### About this task
Give the lines again, unchanged, starting with the line containing "this 1920×1080 image." and ending with the last line of the data below.

[Dataset entries — start]

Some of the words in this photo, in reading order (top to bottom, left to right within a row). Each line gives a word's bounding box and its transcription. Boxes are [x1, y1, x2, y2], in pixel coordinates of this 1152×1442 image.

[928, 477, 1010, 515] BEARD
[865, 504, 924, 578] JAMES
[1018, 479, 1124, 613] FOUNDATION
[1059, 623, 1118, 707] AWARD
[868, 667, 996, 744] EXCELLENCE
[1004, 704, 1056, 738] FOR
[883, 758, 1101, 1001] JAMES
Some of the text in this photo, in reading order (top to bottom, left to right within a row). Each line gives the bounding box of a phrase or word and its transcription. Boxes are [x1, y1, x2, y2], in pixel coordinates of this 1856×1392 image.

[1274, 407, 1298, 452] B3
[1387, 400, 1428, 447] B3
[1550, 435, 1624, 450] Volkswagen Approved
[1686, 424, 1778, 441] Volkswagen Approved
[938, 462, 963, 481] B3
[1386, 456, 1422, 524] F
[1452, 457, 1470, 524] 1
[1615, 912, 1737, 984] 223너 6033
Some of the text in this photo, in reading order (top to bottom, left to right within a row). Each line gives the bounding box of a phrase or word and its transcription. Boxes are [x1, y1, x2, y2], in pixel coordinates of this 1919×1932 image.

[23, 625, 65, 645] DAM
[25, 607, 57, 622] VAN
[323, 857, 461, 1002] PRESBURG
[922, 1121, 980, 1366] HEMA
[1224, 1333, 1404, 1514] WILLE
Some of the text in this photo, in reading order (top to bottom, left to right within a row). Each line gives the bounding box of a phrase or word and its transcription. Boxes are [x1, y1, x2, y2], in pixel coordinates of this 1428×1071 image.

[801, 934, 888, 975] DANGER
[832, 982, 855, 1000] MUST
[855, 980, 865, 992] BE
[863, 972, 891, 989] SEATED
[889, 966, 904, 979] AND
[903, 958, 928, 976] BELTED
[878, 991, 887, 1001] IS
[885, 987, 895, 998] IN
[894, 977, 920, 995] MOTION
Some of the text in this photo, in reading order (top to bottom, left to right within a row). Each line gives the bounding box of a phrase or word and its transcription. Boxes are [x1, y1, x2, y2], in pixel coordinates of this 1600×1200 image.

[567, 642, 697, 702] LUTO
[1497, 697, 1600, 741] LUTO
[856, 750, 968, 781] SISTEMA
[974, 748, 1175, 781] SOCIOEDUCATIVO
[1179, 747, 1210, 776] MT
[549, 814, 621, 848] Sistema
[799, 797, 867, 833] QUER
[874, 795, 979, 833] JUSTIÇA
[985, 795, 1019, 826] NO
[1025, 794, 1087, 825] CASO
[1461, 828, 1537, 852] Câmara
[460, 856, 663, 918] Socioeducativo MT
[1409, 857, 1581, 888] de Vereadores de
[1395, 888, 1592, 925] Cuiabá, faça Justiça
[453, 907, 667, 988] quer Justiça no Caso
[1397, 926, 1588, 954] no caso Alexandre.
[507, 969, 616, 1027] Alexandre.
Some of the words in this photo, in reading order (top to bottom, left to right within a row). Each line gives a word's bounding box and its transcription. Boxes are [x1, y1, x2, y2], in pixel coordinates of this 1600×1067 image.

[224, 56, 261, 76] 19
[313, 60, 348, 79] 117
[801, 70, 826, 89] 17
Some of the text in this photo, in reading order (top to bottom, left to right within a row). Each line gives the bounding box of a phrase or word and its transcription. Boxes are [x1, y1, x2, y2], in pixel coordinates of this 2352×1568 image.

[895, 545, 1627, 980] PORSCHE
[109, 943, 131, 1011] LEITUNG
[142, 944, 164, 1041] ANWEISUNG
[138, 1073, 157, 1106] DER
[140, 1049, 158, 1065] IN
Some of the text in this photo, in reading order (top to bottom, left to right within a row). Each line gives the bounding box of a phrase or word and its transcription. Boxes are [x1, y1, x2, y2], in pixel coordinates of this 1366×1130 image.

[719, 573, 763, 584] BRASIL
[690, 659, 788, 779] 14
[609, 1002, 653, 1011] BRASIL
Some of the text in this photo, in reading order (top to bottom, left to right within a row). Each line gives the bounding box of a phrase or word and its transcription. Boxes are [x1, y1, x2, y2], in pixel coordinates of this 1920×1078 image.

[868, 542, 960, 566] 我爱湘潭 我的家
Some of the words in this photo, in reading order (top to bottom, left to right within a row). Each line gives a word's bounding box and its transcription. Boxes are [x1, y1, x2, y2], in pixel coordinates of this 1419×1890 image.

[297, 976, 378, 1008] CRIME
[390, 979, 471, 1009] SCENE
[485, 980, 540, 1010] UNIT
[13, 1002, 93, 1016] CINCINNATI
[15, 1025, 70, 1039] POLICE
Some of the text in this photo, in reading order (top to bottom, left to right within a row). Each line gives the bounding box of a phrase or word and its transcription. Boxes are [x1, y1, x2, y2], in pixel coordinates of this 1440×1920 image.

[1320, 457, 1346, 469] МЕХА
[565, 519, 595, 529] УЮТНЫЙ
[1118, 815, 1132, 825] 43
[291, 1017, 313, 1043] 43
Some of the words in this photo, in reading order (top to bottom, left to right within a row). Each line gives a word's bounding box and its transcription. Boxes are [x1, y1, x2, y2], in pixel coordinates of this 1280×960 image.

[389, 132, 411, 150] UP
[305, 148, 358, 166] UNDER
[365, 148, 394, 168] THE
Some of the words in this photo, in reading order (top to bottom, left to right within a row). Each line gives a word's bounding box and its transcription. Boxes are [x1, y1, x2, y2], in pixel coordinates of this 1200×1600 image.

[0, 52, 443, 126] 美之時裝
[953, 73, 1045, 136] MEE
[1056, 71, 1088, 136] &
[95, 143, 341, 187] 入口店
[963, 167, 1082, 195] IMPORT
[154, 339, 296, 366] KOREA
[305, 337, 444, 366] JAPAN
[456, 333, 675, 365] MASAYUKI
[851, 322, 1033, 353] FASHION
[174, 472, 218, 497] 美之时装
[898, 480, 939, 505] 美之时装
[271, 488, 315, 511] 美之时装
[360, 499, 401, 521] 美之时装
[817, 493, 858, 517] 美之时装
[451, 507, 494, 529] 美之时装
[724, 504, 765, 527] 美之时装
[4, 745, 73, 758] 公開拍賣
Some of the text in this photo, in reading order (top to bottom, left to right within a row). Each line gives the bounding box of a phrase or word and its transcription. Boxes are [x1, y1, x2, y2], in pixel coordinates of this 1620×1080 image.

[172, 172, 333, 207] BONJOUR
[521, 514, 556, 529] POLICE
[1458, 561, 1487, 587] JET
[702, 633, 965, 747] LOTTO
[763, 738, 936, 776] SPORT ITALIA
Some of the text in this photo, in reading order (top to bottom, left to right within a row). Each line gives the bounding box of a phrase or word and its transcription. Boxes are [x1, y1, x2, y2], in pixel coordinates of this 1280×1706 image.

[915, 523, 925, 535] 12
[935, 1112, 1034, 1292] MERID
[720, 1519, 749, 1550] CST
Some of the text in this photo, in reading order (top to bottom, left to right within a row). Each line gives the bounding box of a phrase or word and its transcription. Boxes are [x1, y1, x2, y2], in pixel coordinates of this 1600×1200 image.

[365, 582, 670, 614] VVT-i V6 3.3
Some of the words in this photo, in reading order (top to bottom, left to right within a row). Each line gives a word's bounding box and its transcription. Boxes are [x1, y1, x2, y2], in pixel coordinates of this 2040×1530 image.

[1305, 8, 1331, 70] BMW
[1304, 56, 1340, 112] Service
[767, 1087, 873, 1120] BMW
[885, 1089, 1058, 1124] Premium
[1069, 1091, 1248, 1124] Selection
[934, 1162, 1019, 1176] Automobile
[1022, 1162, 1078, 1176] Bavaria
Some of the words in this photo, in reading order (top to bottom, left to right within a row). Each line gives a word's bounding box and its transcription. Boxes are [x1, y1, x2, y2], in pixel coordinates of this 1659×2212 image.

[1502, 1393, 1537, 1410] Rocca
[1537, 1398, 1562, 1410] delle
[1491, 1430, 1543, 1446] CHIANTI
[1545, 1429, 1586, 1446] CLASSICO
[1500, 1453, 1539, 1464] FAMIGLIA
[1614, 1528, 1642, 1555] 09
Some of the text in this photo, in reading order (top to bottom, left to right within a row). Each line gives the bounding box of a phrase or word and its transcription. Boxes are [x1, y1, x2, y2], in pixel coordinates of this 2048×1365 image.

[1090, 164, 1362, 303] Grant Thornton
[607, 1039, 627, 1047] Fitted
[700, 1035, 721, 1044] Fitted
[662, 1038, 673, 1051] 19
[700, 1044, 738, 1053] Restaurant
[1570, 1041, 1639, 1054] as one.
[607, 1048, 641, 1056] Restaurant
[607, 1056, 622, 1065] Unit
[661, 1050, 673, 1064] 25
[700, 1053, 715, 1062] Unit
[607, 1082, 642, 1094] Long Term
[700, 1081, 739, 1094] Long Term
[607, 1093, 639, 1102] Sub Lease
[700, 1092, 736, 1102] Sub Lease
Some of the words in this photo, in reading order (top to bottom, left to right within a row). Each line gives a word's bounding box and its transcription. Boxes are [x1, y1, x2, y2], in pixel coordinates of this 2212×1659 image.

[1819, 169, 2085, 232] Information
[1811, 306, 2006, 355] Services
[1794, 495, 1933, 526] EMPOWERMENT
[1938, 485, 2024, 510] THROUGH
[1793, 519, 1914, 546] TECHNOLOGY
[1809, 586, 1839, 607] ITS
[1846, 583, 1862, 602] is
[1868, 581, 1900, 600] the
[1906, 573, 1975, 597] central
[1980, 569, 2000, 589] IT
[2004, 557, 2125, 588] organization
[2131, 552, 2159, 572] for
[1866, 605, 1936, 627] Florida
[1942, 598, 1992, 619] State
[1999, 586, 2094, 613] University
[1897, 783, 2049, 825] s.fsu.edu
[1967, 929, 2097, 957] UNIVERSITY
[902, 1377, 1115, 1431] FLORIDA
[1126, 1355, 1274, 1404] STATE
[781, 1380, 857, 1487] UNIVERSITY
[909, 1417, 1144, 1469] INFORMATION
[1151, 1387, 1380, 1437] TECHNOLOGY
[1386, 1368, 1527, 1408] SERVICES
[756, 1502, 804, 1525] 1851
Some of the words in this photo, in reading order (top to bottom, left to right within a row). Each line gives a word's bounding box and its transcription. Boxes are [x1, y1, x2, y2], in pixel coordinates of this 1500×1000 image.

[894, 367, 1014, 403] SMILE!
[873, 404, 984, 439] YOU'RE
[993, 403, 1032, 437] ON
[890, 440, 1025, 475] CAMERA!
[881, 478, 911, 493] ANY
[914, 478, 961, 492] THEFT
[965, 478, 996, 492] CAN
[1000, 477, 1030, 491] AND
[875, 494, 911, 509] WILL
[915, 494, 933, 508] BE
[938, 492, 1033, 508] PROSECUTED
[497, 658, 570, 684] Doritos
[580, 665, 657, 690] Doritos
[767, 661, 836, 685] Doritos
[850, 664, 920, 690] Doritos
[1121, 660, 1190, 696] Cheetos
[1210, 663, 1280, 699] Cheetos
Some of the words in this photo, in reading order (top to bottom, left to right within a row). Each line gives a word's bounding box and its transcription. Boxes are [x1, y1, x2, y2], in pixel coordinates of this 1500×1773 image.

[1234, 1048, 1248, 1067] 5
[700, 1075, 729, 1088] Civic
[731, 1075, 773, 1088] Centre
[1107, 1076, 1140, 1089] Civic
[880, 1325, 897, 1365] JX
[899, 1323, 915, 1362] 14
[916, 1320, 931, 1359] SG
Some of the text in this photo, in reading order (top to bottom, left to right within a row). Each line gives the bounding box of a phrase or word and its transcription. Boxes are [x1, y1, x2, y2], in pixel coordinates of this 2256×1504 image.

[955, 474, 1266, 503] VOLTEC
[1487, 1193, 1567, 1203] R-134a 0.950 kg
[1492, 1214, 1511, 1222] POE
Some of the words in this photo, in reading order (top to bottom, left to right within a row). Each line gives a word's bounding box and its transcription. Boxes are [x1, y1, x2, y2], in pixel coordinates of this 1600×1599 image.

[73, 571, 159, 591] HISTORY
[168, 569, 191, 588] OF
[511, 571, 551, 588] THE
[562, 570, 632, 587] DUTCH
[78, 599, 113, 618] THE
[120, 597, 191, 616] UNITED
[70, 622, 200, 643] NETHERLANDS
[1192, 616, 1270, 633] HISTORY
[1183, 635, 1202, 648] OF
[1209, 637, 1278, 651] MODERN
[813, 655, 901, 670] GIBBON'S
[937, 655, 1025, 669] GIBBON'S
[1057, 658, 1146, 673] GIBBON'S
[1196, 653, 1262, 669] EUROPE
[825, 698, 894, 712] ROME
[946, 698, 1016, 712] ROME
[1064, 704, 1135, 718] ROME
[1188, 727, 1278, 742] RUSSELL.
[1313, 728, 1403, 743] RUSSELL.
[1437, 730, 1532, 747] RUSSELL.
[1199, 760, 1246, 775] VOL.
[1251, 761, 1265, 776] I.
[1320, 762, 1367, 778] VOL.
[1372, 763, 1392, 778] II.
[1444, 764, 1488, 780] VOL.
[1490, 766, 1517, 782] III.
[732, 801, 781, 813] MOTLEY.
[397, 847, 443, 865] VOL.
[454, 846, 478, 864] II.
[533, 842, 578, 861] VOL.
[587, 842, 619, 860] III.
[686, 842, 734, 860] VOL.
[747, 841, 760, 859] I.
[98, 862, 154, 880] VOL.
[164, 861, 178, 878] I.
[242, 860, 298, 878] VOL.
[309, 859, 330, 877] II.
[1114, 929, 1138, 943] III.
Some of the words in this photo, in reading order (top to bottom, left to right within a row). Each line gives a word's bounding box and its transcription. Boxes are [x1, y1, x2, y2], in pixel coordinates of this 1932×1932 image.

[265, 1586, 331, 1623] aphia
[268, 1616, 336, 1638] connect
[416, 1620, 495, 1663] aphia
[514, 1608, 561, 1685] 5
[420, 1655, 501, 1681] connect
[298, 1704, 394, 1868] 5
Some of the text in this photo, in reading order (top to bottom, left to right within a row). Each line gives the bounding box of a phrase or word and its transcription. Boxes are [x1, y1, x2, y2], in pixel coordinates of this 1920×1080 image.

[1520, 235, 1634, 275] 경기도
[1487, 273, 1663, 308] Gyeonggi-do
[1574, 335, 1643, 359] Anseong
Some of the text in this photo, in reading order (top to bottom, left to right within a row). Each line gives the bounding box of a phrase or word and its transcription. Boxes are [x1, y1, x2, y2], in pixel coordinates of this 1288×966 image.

[Dataset entries — finish]

### Written solution
Some of the text in this photo, in reading order (top to bottom, left to right within a row). Each line gives the bounding box of a phrase or word and its transcription. Boxes are [x1, y1, x2, y2], in pixel coordinates of this 1920×1080 image.

[1520, 235, 1634, 275] 경기도
[1487, 273, 1663, 308] Gyeonggi-do
[1574, 335, 1643, 359] Anseong
Some of the text in this photo, in reading order (top to bottom, left to right within a row). Each line gives the bounding box of a phrase or word and its transcription. Boxes are [x1, y1, x2, y2], in pixel coordinates of this 1288×966 image.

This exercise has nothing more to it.